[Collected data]
****************
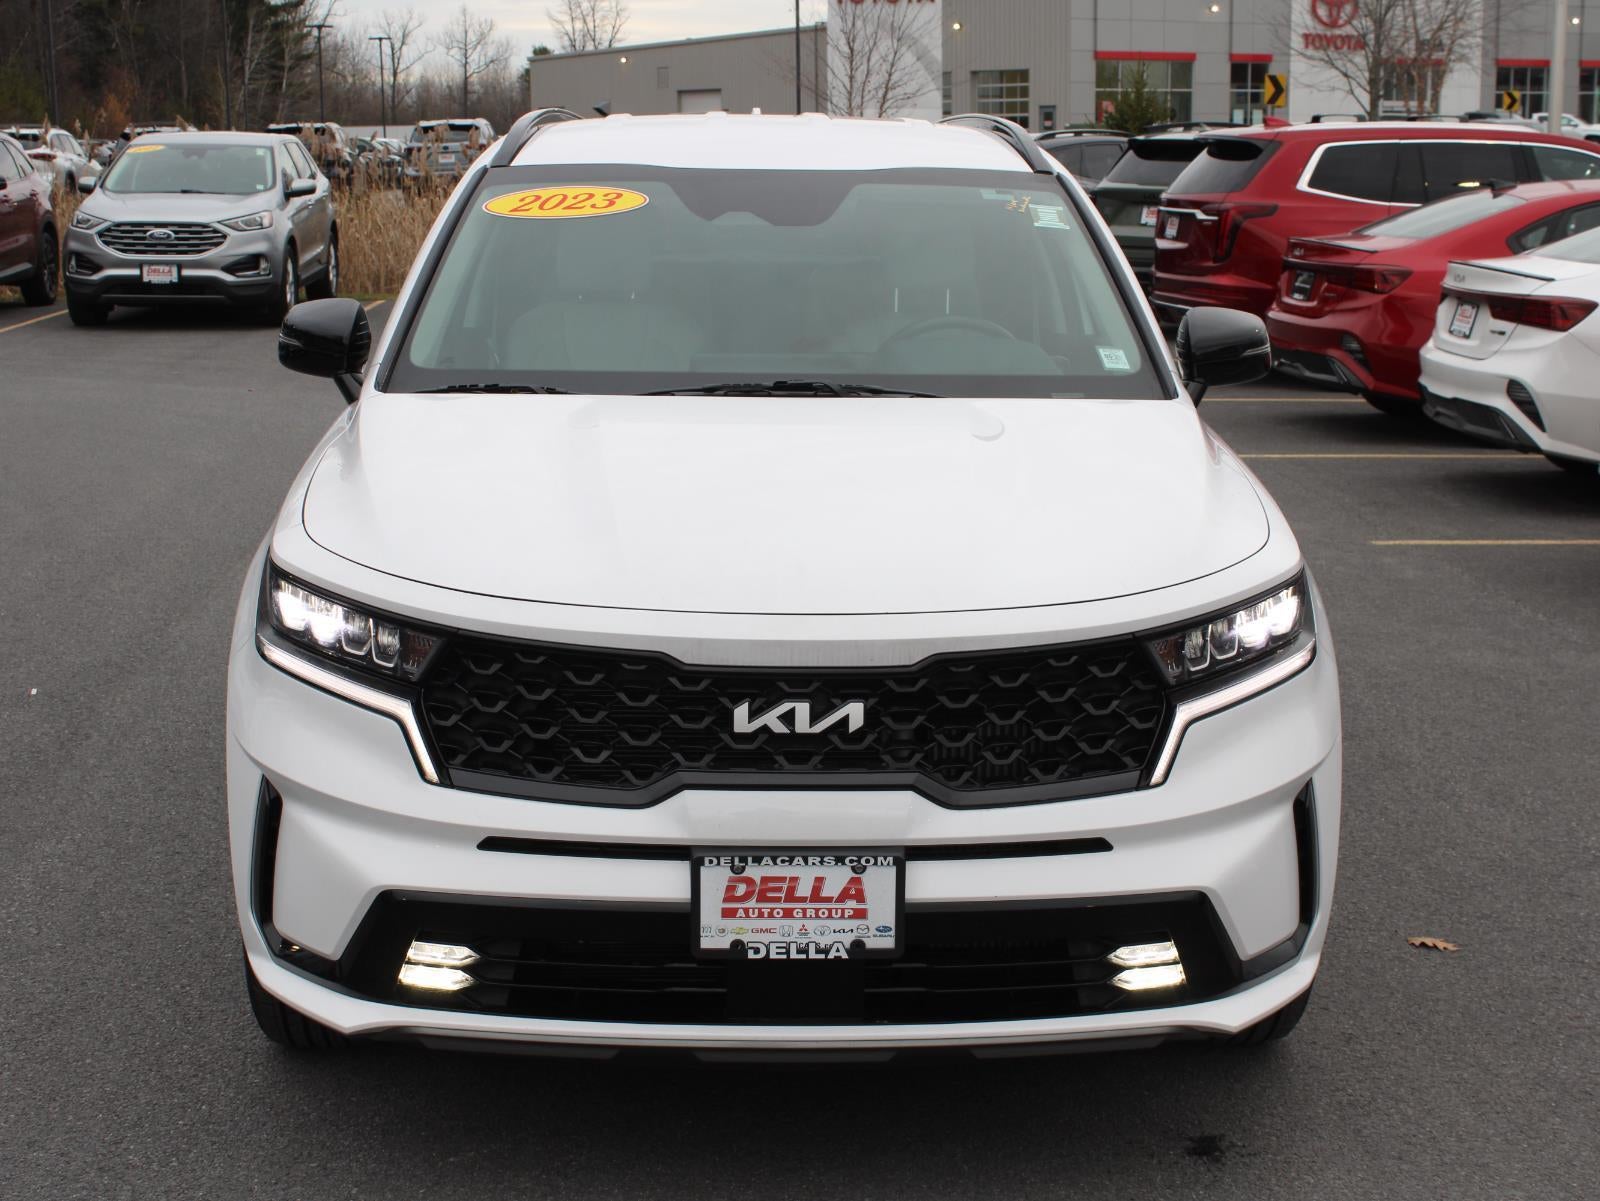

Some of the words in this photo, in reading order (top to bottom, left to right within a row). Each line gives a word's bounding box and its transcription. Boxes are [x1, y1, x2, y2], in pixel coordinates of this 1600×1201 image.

[1302, 33, 1366, 50] TOYOTA
[508, 192, 624, 213] 2023
[733, 701, 864, 734] KIA
[703, 856, 895, 867] DELLACARS.COM
[722, 875, 867, 904] DELLA
[735, 908, 784, 918] AUTO
[792, 908, 854, 918] GROUP
[747, 941, 849, 959] DELLA
****************
- [What is needed] Exclude the pictures and repeat the entries word for word.

- [The completed task]
Some of the words in this photo, in reading order (top to bottom, left to right within a row). Each line gives a word's bounding box and its transcription. Boxes are [x1, y1, x2, y2], in pixel coordinates of this 1600×1201 image.

[1302, 33, 1366, 50] TOYOTA
[508, 192, 624, 213] 2023
[733, 701, 864, 734] KIA
[703, 856, 895, 867] DELLACARS.COM
[722, 875, 867, 904] DELLA
[735, 908, 784, 918] AUTO
[792, 908, 854, 918] GROUP
[747, 941, 849, 959] DELLA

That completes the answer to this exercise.